Unlocking Alternatives: Investing Beyond the Major CRE Asset Type
DYNAMIC SECTORS Since our last report on these sectors in 2019, a substantial amount has shifted as the pandemic, inflation and now a restrictive capital markets space have dramatically shifted the landscape of alternative CRE asset types. KEY TAKEAWAYS Cycle-specific effects of the pandemic, such as the rise of remote/hybrid work and hastening of family formations, have amplified longer-term secular demand drivers that have steadily grown these sectors. SURVIVORS AND THRIVERS During the last three economic downturns (Dot Com, GFC, COVID-19), alternative assets consistently outperformed the recovery of the major asset types. This data continues to reinforce the idea that alternative assets could offer a safe haven for capital in the event of a future economic downturn.
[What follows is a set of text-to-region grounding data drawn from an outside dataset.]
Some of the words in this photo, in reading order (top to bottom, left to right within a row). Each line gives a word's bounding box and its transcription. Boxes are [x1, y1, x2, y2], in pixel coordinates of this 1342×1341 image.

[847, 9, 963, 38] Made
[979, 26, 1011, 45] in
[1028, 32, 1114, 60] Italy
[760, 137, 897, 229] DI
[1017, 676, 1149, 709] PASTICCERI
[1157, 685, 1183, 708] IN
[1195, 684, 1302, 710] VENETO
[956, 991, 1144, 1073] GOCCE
LONG- AND SHORT-TERM FACTORS AT PLAY
RESILIENT TO RECENT HEADWINDS While overall transaction activity has trended downward over the past year along with the rest of CRE, a number of these subsectors have shown resiliency and have maintained strong operating fundamentals in rent and occupancy. RUNWAY FOR CAPITAL A number of these asset types continue to be operated by non-institutional entities. Institutional participation in alternative asset sectors varies, and there is room for further expansion. This expansion has the potential to bolster pricing and liquidity, creating a mutually beneficial cycle. BARRIERS TO ENTRY Investors should be aware of operational, regulatory, and industry-specific nuances to managing these property types—often market entry will involve selecting the right acquisition target or experienced partner to execute a feasible strategy.